What would happen if 20% of your employees got a better offer from your competitor and left? Or, if you got hacked and lost all your files?
These things happen unplanned. But, there is a way to lessen their impact, even prevent them from happening.
It’s simple - all you have to do is make a list of all the things that could go wrong, define their impact, and make a backup plan.
Think of yourself as Ebenezer Scrooge from “A Christmas Carol” that gets a rare opportunity to see the future and become a better person before it’s too late.
How to approach risk management
You don’t need any fancy software for risk management. A simple spreadsheet will do.
The whole point of the activity is to think about all the bad things that could happen and be prepared in case they do.
Don’t get attached to making the spreadsheet pretty. You don’t need an exhaustive but ultimately useless list. The point is to get your mind going and letting your thoughts simmer and work in the background. The document itself is irrelevant; what’s relevant is the journey.
Start by outlining types of risk and coming up with things that could go wrong, like:
- Site is down due to DDoS
- New version of Ruby breaks your app
- Wifi is down for a whole day
- Your presentation doesn’t work on older machines
- Client pushes for earlier deadline
- Client doesn’t likes your work
- Client decides to completely change the project
- Your key client left you
- You can’t hire new employees on time
- New employees don’t have the right skills
- A key member leaves
- Employees ask for remote work
Legal & Finance
- You forget to renew the office lease
- You get sued for copyright violation
- Invoice isn’t paid on time
- A legal agreement takes longer than you think
- You don’t qualify for tax exempt no more
Contractors and Suppliers
- A contractor doesn’t respond to email
- They charge more than agreed
- They don’t deliver on time
- They’re work is not as good as you thought
- The initial estimate is way off
- You lose all your files
- Project scope got bigger
- Defects are found before shipping
- Not enough resources
Next, assign a probability to each risk:
- 1 - there’s a theoretical chance but nothing to worry about
- 2 - could happen, but won’t hold my breath
- 3 - better to cover my bases
- 4 - highly likely, must have plan B
- 5 - seriously need to reexamine my business
Then, assess the severity should the risk happen and the impact it’ll have on the business:
- 1 - a slight bump in the road
- 2 - no need to panic, we’ll manage
- 3 - tense workplace and lots and lots of overtime
- 4 - only a miracle can save us
- 5 - prepare documentation to file for bankruptcy
Calculate each risk score by multiplying probability and severity. Then apply conditional formatting so you can see at a glance what your highest risk is.

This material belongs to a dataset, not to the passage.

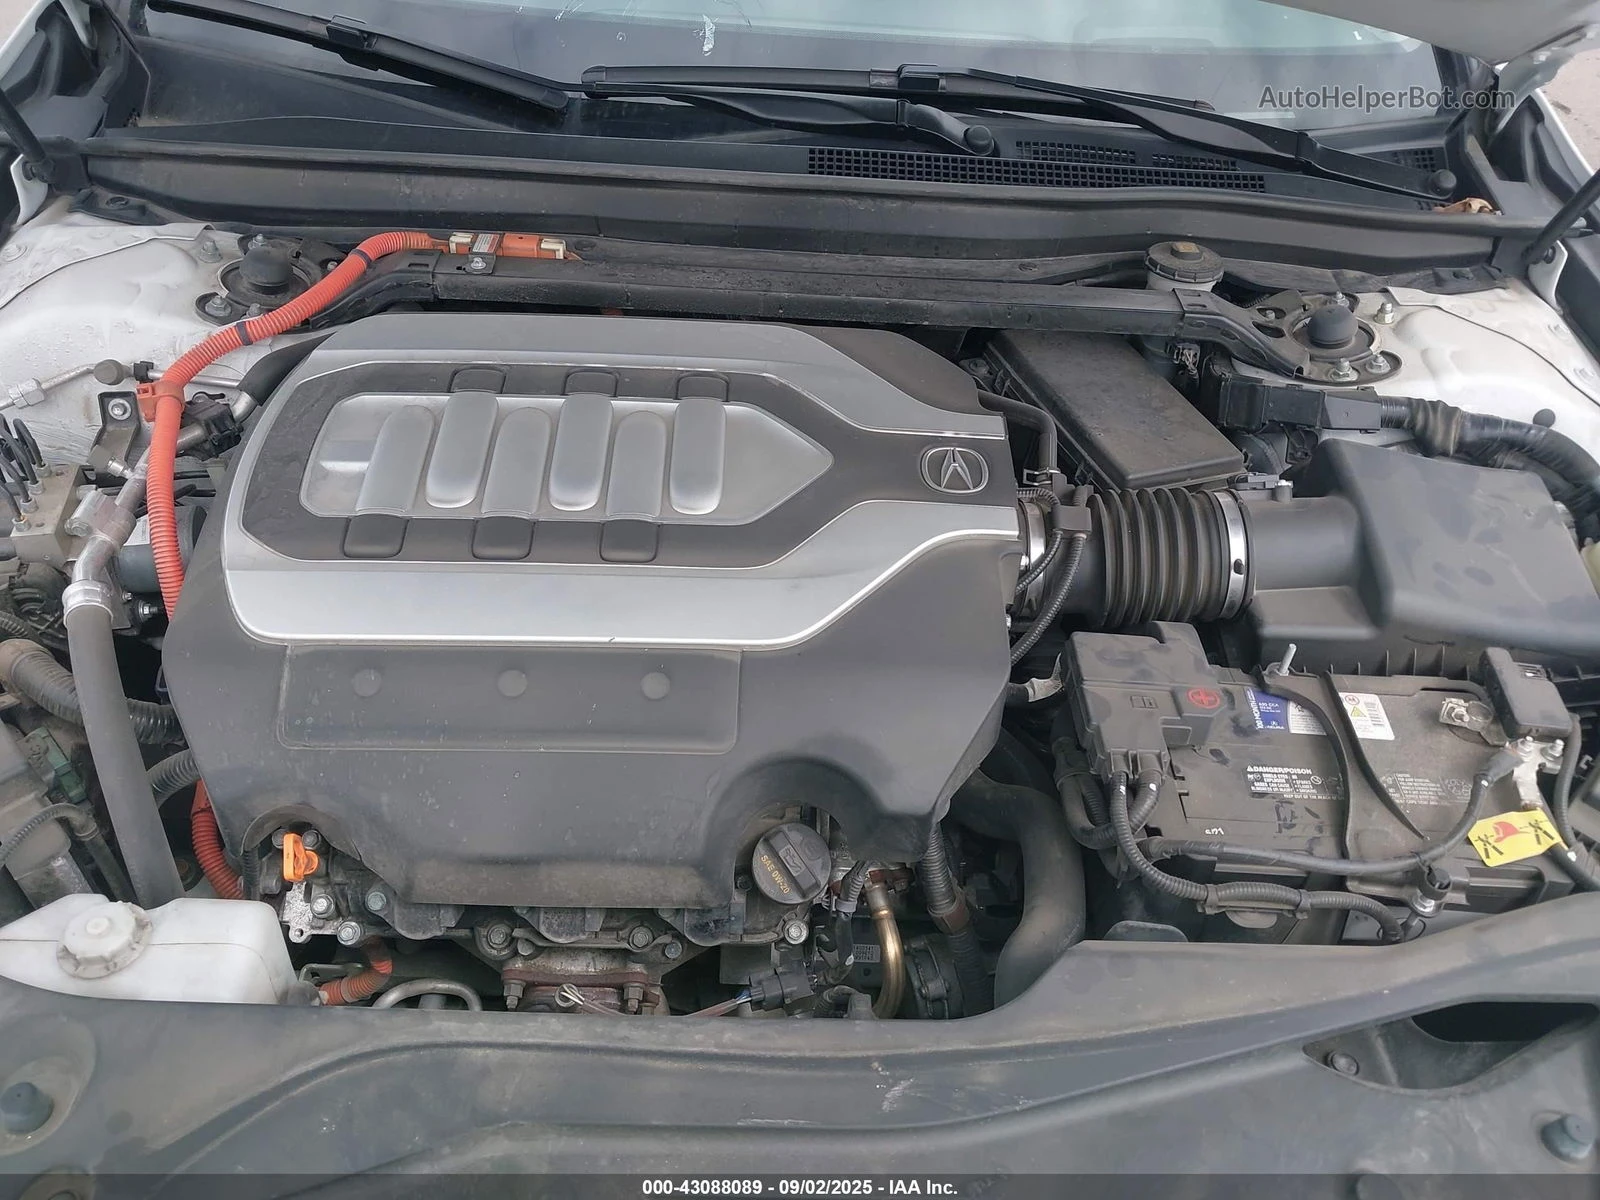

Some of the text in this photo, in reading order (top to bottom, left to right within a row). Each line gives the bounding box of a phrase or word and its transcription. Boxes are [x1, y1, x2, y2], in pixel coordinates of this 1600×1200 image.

[1253, 765, 1312, 775] DANGER/POISON
[761, 855, 790, 894] SAE 0W-20

Finally, think about what would be the best thing to do if a risk occurs. Write what you’ll do to avoid the risk and lessen the impact should the risk occur.
By thinking about all the possible things that can go wrong, you begin to spot your weaknesses and can work on preventing them:
- There’s a real possibility you’ll catch a virus and lose all your documents? Make a recurring task in Active Collab that’ll remind you to backup files every 1st of the month.

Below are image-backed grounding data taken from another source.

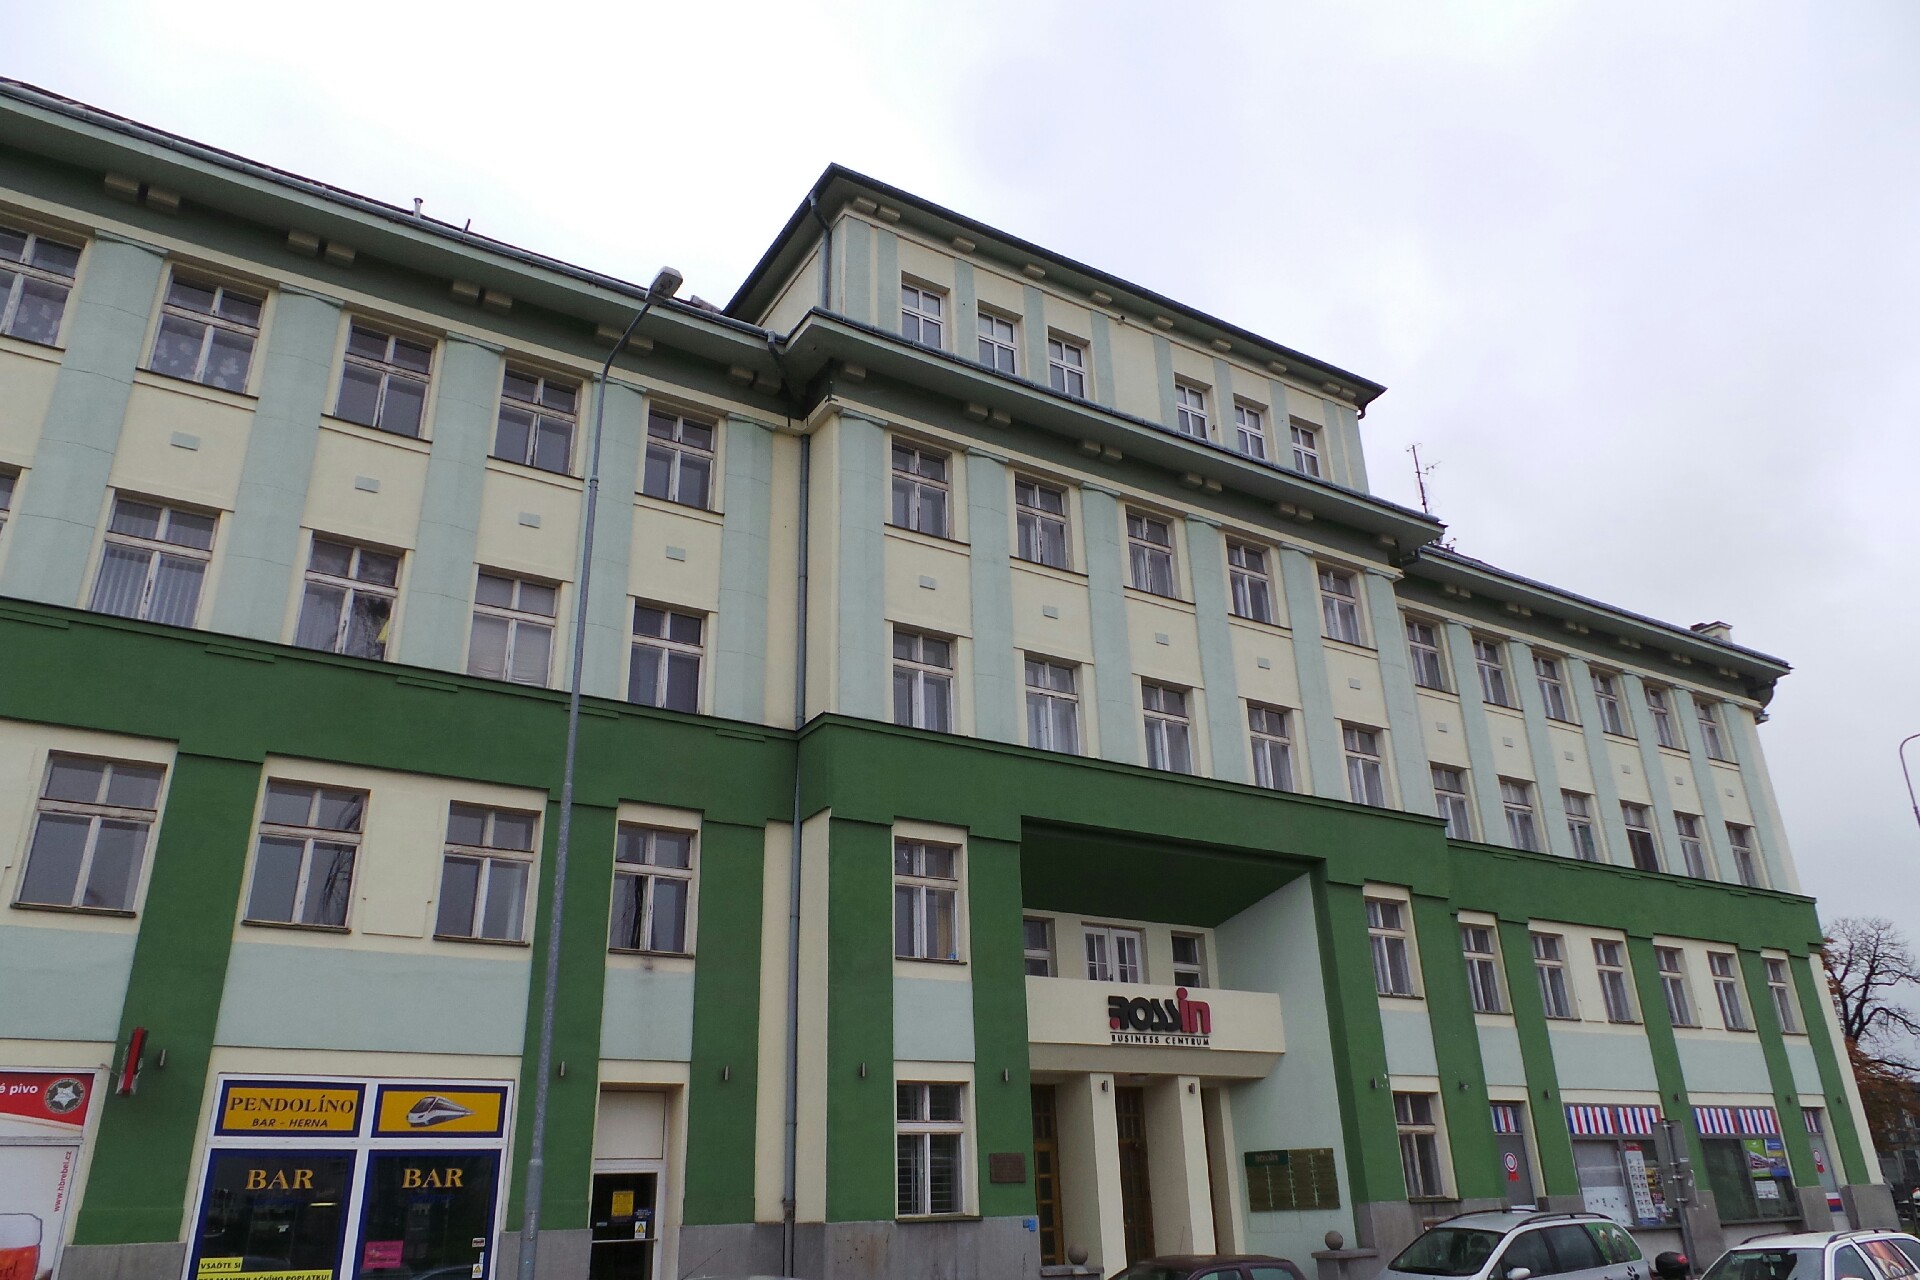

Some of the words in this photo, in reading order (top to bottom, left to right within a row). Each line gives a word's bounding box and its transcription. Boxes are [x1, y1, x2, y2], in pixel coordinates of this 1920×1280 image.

[1112, 1034, 1160, 1044] BUSINESS
[1166, 1036, 1209, 1046] CENTRUM
[9, 1083, 39, 1096] pivo
[230, 1094, 354, 1114] PENDOLÍNO
[252, 1118, 276, 1127] BAR
[289, 1118, 328, 1128] HERNA
[245, 1169, 314, 1190] BAR
[401, 1168, 463, 1188] BAR

- Client refuses to pay unless you can show them where each minute went? Start encouraging your team to track time and writing a short note, indicating what they did.
- Your team is spread too thin and you can’t finish projects on time? Start your day by checking the Team Timeline report so you can see how much work each team member has.
Other posts in the series on growing a business
- Part 1: Why entrepreneurs burn out
- Part 2: How to make sure your business can grow
- Part 3: How companies grow and die (Adizes lifecycle)
- Part 4: Setting up a self running business
- Part 5: Introducing processes
- Part 6: Staying relevant
- Part 7: Staying profitable
- Part 8: How management changes (Greiner's growth model)
- Part 9: When to hire first project manager
- Part 10: A practical approach to risk management
- Part 11: Identifying key players
- Part 12: What happens when a key player leaves
- Part 13: Leadership pipeline
- Part 14: When to hire first HR manager
- Part 15: Contractor vs full-time employee
- Part 16: Hiring process for growing businesses
- Part 17: How and where to find talented employees
- Part 17: Hiring advice for growing businesses
- Part 18: Systematic onboarding
- Part 19: Avoiding toxic workers
- DOWNLOAD THE WHOLE EBOOK (PDF)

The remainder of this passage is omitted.